Hinter Foren und Boards verbergen sich einerseits technische Unterschiede in der Datenhaltung, aber auch Unterschiede in der Vorstellung davon, wie typische Diskussionen ablaufen. Ob ein Betreiber, der sich für die Installation des einen oder des anderen Modellierungs-Typs entscheidet, diese Dinge bewusst macht, steht auf einem anderen Blatt. Die folgenden Abschnitte dieses Artikels wollen jedoch dazu beitragen und stellen beide Modelle vor. Dabei soll verdeutlicht werden, welche Vorstellungen mit welchem Modellierungs-Typ verbunden sind. Im abschließenden Plädyoyer wird insofern Stellung genommen, als für das, was man unter "Diskussionskultur" versteht, eigentlich nur der Modellierungstyp des Forums geeignet ist. Boards haben andere Aufgaben und sollten im Sinne der Aufgabenstellung eingesetzt werden.

Das Modell der Foren

Die gedankliche Basis-Einheit eines Forums ist der so genannte Thread. Dieses englische Wort, das etymologisch mit dem deutschen Wort Draht verwandt ist, lässt sich heute ins Deutsche je nach Kontext mit Faden, Kette, Garn oder Gewinde übersetzen. Auf eine Diskussion übertragen, bezeichnet es den Diskussionsfaden oder die Verkettung aller Beiträge zu der betreffenden Diskussion. Wichtig ist dabei die Eigenschaft, dass es zwar letztlich nur einen Faden gibt, aus dem die gesamte Diskussion gestrickt ist. Doch das Strickgeflecht, die Art der Verkettung kann sehr informell sein. Garn, Draht, Schnur und Seil ist biegsam. Es lassen sich kunstvolle Knoten damit knüpfen (Seefahrt, Krawatten). Das Herstellen jeglicher Bekleidung basiert auf dem Verflechten von natürlich oder künstlich gewonnenem Garn zu Gewebe. Ein Thread ist ein langer, biegsamer technischer Grundstoff, aus dessen Verflechtung und Verknotung etwas neues Ganzes entsteht. Bei einem Thread ist es gar nicht so wichtig, wie der Anfang aussieht. Wichtig ist, welchen Weg der Faden nimmt, durch welche Ösen er geht und welches Gewebe oder welche Strukturen er dadurch erschafft.

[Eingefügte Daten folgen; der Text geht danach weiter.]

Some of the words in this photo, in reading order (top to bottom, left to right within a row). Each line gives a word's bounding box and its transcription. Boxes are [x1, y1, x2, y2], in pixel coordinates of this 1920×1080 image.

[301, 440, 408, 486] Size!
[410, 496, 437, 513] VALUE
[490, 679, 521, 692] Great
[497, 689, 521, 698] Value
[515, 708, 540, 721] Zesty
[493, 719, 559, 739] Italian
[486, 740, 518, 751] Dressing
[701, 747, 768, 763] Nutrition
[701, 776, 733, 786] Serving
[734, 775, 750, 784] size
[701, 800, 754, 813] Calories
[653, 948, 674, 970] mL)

Auch Diskussionen haben solche Strukturen. Im Gegensatz zu gewebeschaffenden, regelmäßigen Geflechten (wie etwa beim Stricken, Häkeln oder Nähen) bilden die Threads einer Diskussion ganz unterschiedliche Verkettungen aus. Die Struktur ergibt sich aus den Impulsen, die von einzelnen Postings innerhalb des Threads ausgeht. Provokative Postings regen zum Widerspruch an, einseitiger Widerspruch zu weiterem Widerspruch. Viele Postings bewirken auch Seiteneffekte, indem eine Antwort nicht mehr auf das vordergründige Thema eingeht, sondern auf ein scheinbar nebensächliches Detail. Dieser Effekt wird als Thread-Drift bezeichnet. Die Thread-Drift gehört zu lebendigen Diskussionen dazu und ist in keiner Weise schädlich.

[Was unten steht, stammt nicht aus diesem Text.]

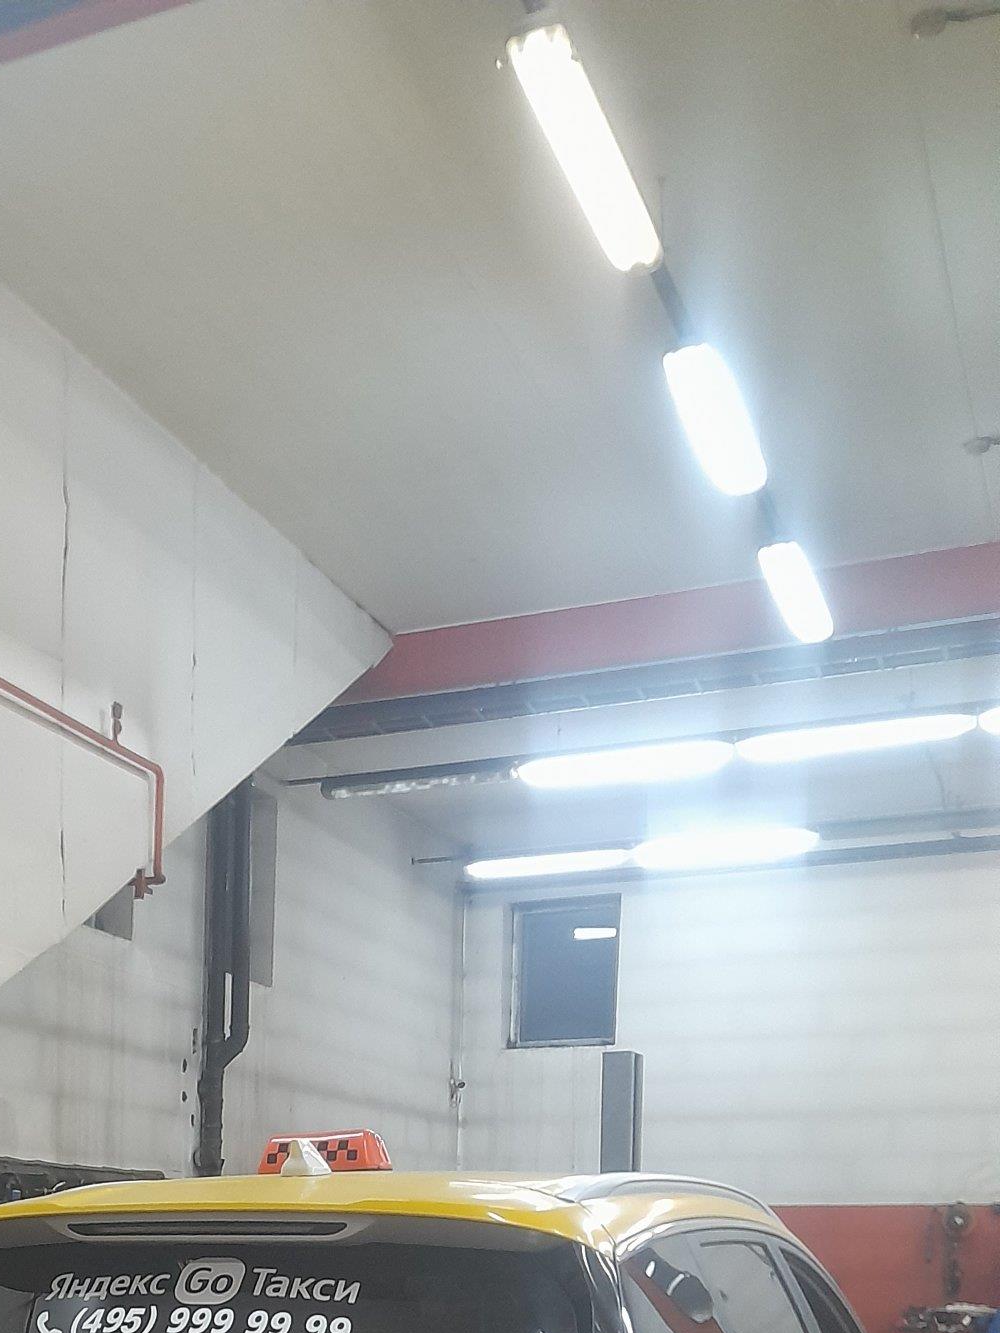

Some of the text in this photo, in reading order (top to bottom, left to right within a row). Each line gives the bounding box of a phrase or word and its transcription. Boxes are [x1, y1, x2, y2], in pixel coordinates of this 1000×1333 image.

[45, 1267, 361, 1304] Яндекс Go Такси

Wer sich in eine bereits laufende Diskussion einschalten möchte, für den ist es erst mal wichtig, sich ein Bild von der bisherigen Diskussion zu machen. Deshalb ist es wichtig, dass dem willigen Teilnehmer die bisherige Diskussion in geeigneter Form visualisiert wird. Eine Visualisierung könnte beispielsweise grafisch sein und mit Hilfe von Linien zeigen, welcher Impus (d.h. welches Posting) von welchem abhängt. Ein einfaches Beispiel, das einen Thread mit 9 Postings annimmt, soll dies verdeutlichen.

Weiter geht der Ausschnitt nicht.